To that end, ROLCO is partnering with AbTech Industries, which has developed the Smart Sponge, an oil-absorbent material that removes hydrocarbons on the front end of the electro-coagulation process so they don’t enter the clean water system.
“The Smart Sponge is oleophilic, so it absorbs hydrocarbons that are in the water, but it is also hydrophobic, so it repels and doesn’t retain water,” said AbTech chief operating officer Jonathan Thatcher. “We manufacture it in a manner that retains very high flow rates through the media and results in little or no pressure loss. It can absorb one to two times its weight in hydrocarbons.”
The process solidifies the hydrocarbons it removes, creating a solid that can be burned as a fuel source in waste-to-energy facilities, cement kilns or incineration operations, Mr Thatcher explained. The water being treated is a combination of fracturing flowback water and produced water. It can be treated repeatedly, although the process may need to be modified because the water profile will change over time.
AbTech’s portable and installed units can process 10,000 bbls/day to 100,000 bbls/day of produced water. Often, there are multiple units on a fracturing site.
After the de-oiling process, a number of different technologies, including electro-coagulation, can be used to treat the water for a variety of uses. “The water can be treated to remove everything except brine for reuse in fracturing operations and can also be treated for discharge, which involves further removal of the salts and chlorides, typically by a reverse osmosis (RO) process for discharge into lakes or rivers. Pre-treatment is always required because other technologies, especially RO, can’t tolerate oil and grease coming into their systems,” Mr Thatcher explained.

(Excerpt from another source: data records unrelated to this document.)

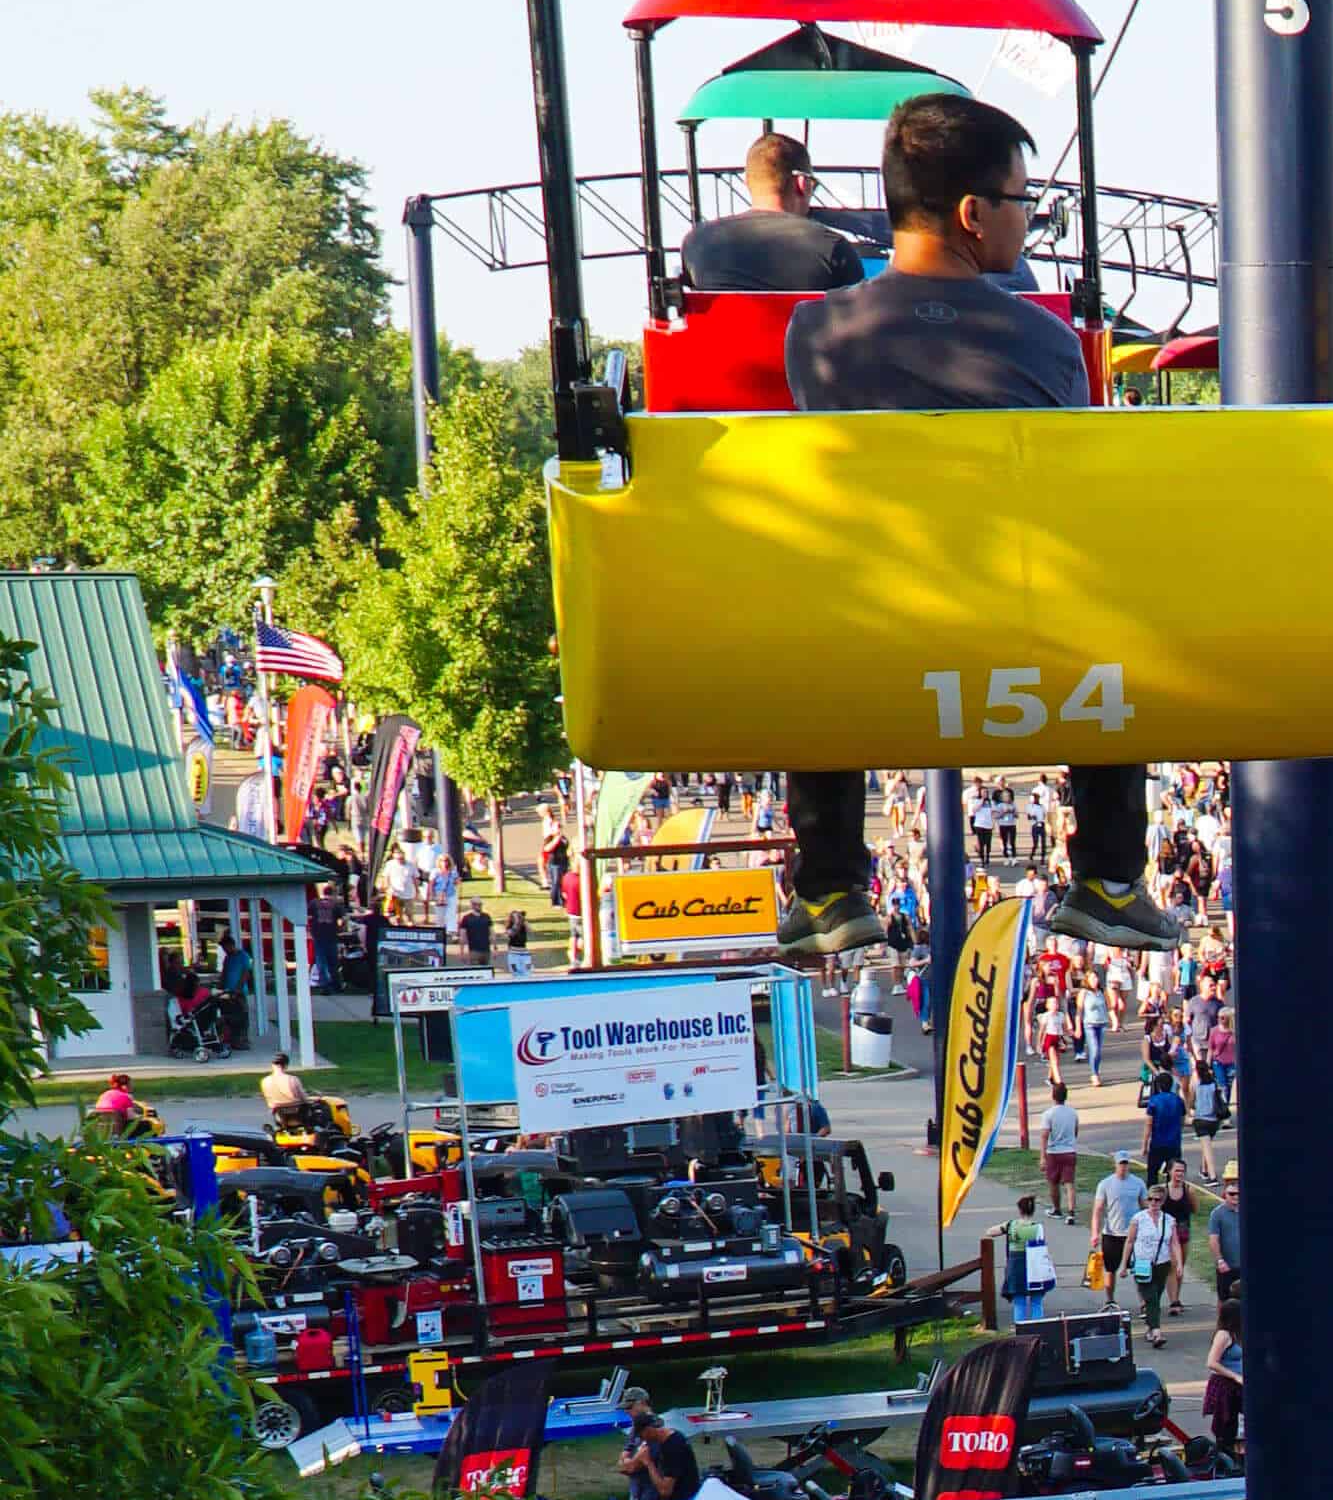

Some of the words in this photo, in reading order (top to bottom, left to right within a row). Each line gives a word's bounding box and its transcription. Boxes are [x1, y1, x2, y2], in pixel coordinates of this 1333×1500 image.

[922, 662, 1136, 739] 154
[632, 899, 680, 920] Cub
[683, 896, 763, 917] Cadet
[560, 1023, 602, 1051] Tool
[605, 1015, 713, 1046] Warehouse
[717, 1011, 751, 1036] Inc.
[959, 949, 997, 1101] Cadet
[951, 1101, 984, 1181] Cub
[947, 1431, 1009, 1453] TORO
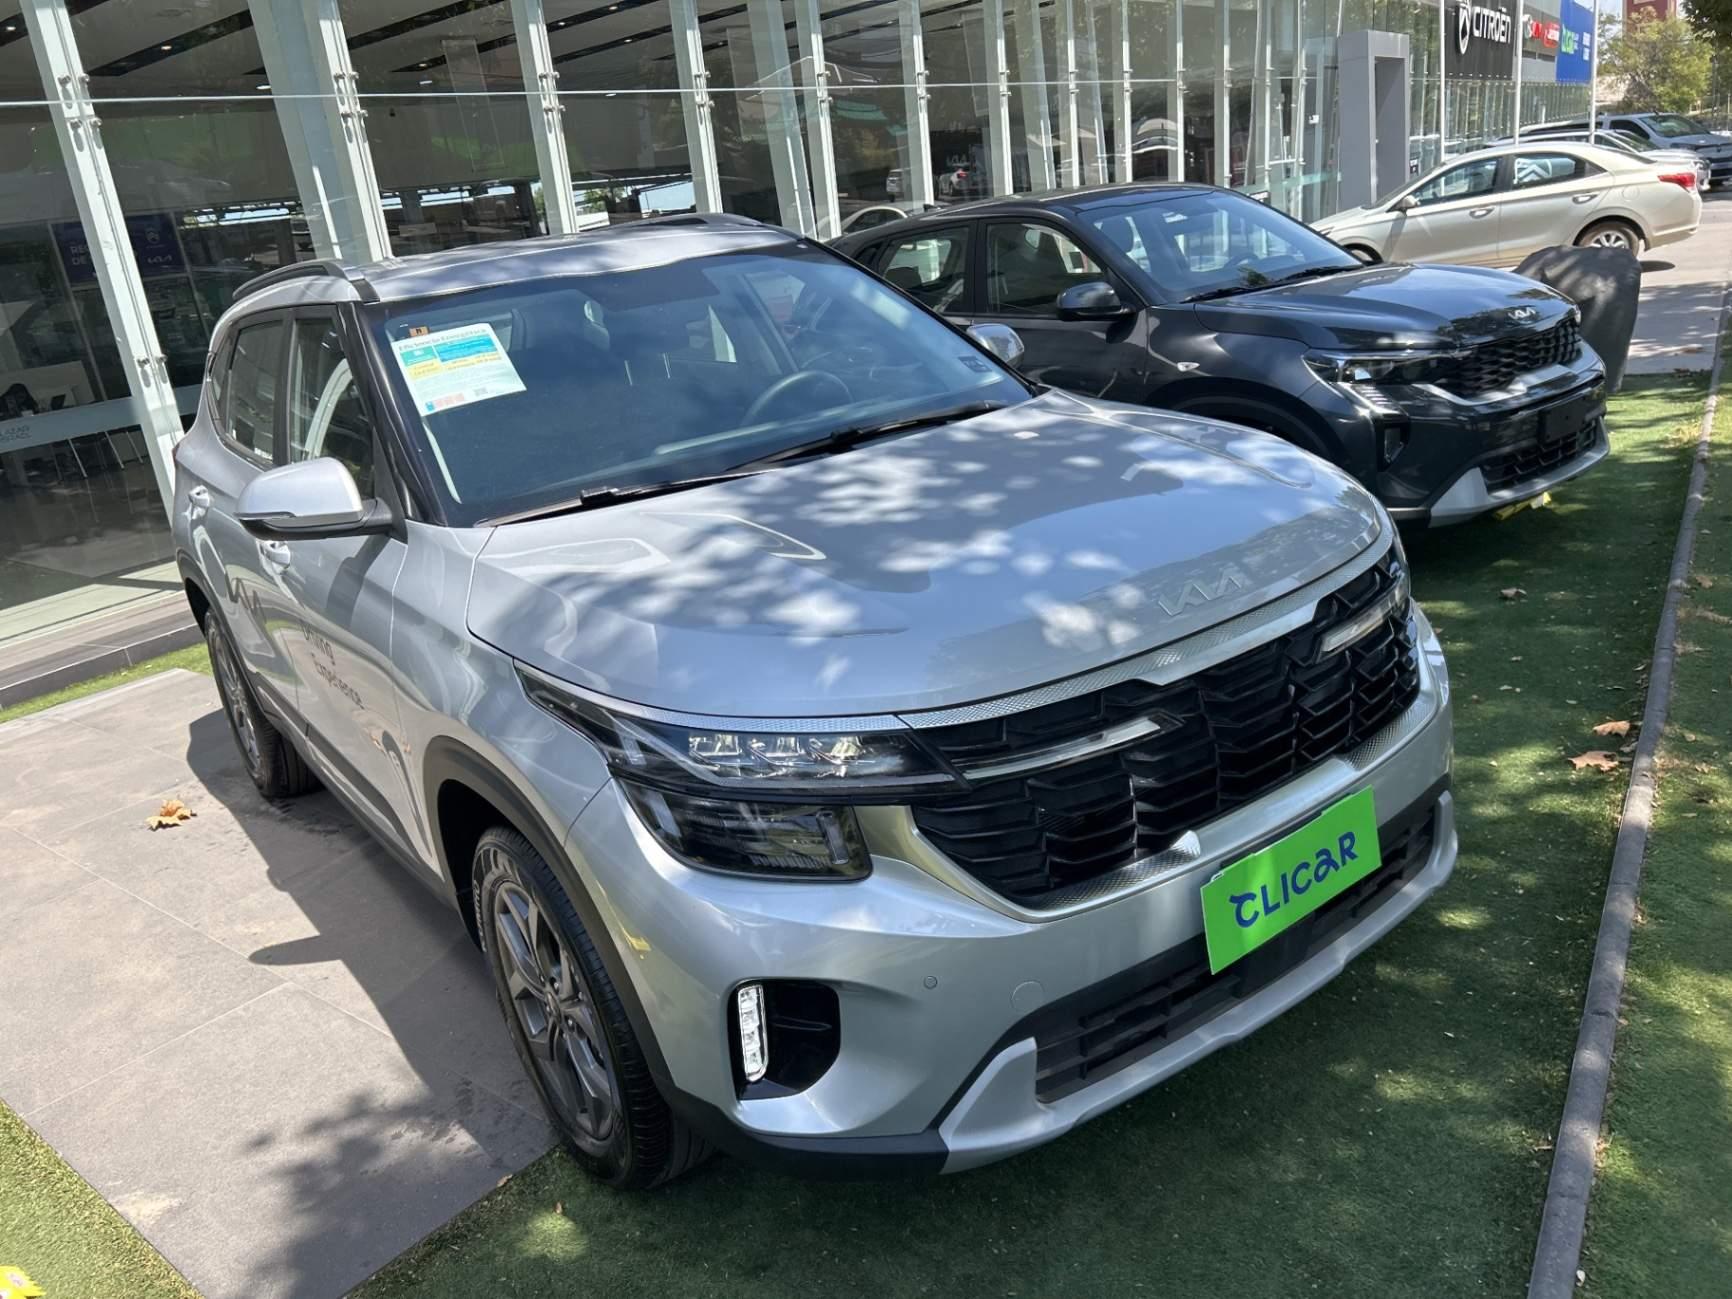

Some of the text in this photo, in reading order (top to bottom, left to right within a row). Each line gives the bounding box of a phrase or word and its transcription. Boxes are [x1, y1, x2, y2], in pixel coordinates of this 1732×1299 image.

[1472, 6, 1511, 44] CITROËN
[1507, 307, 1536, 320] KIA
[1158, 567, 1244, 616] KIA
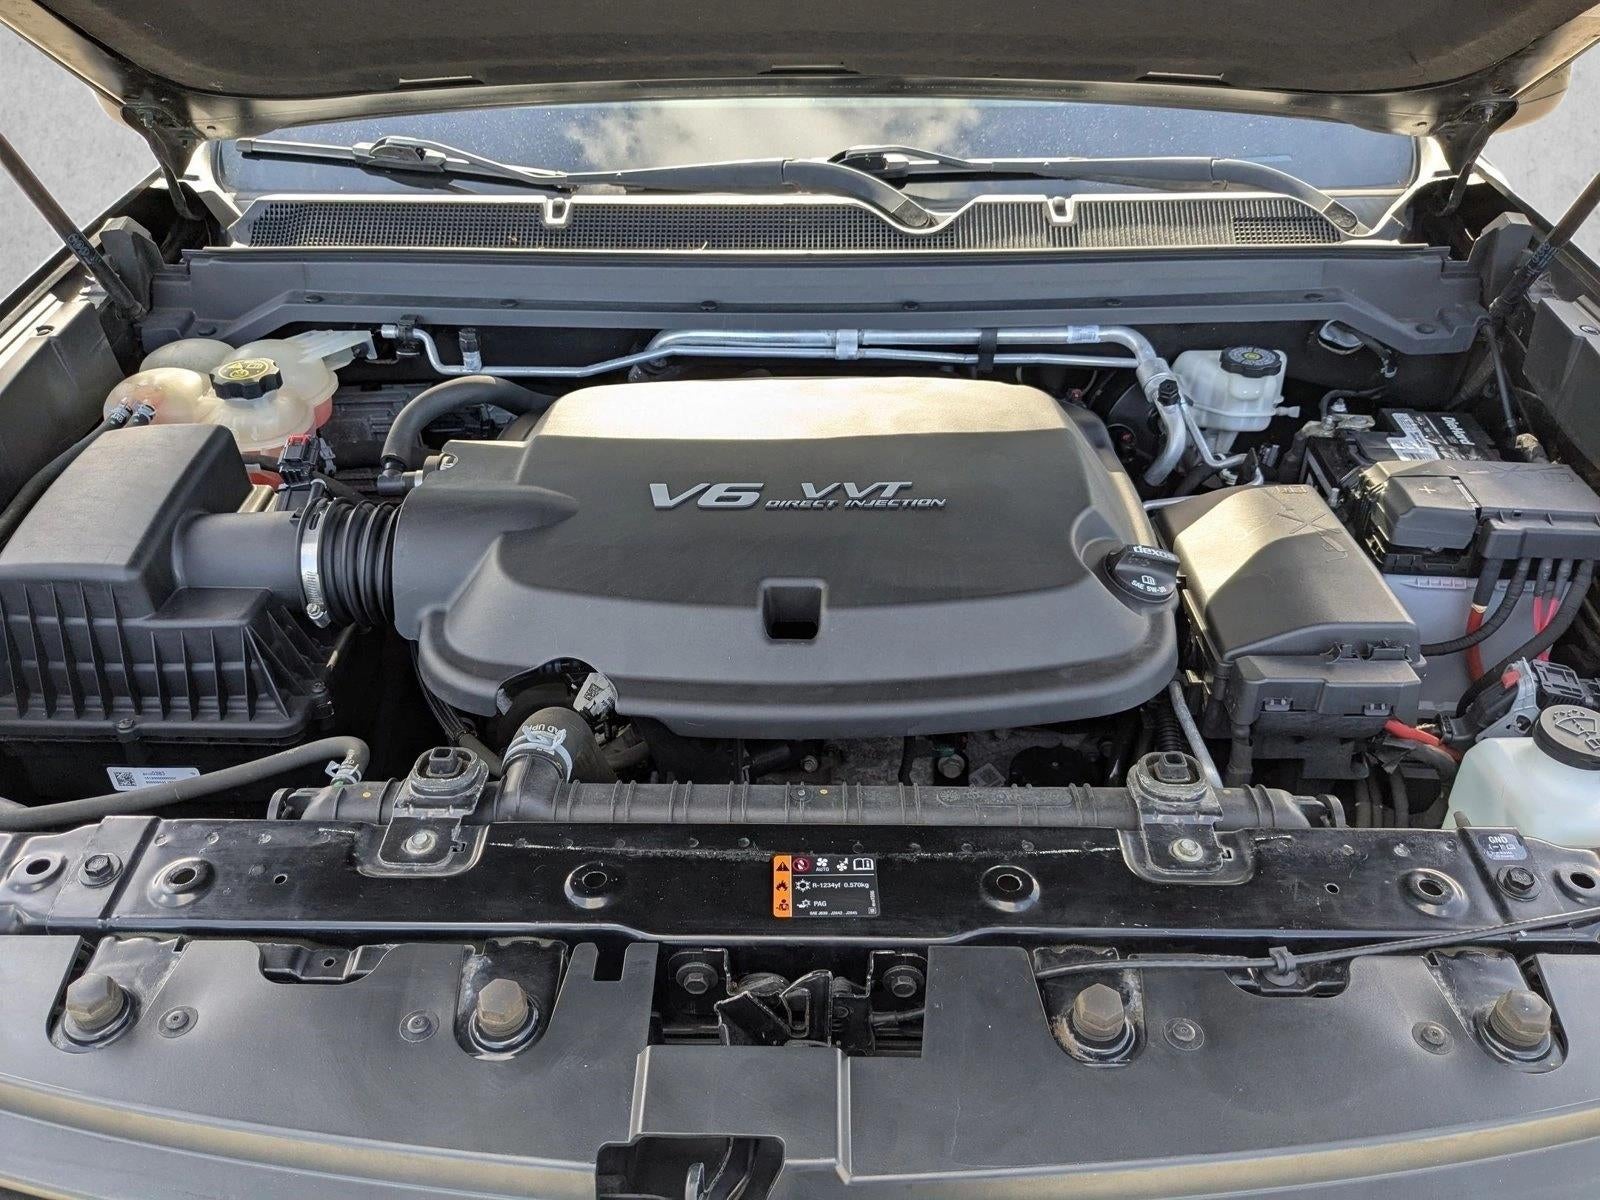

Because a well will produce up to five times as much water as oil and gas over its life, some in the industry are eyeing water treatment systems as a potential source of water for agricultural purposes, provided all the salts are removed. “We could have a source of agricultural water that is not going to impact traditional drinking water sources such as lakes, rivers and underground aquifers,” Mr Thatcher said.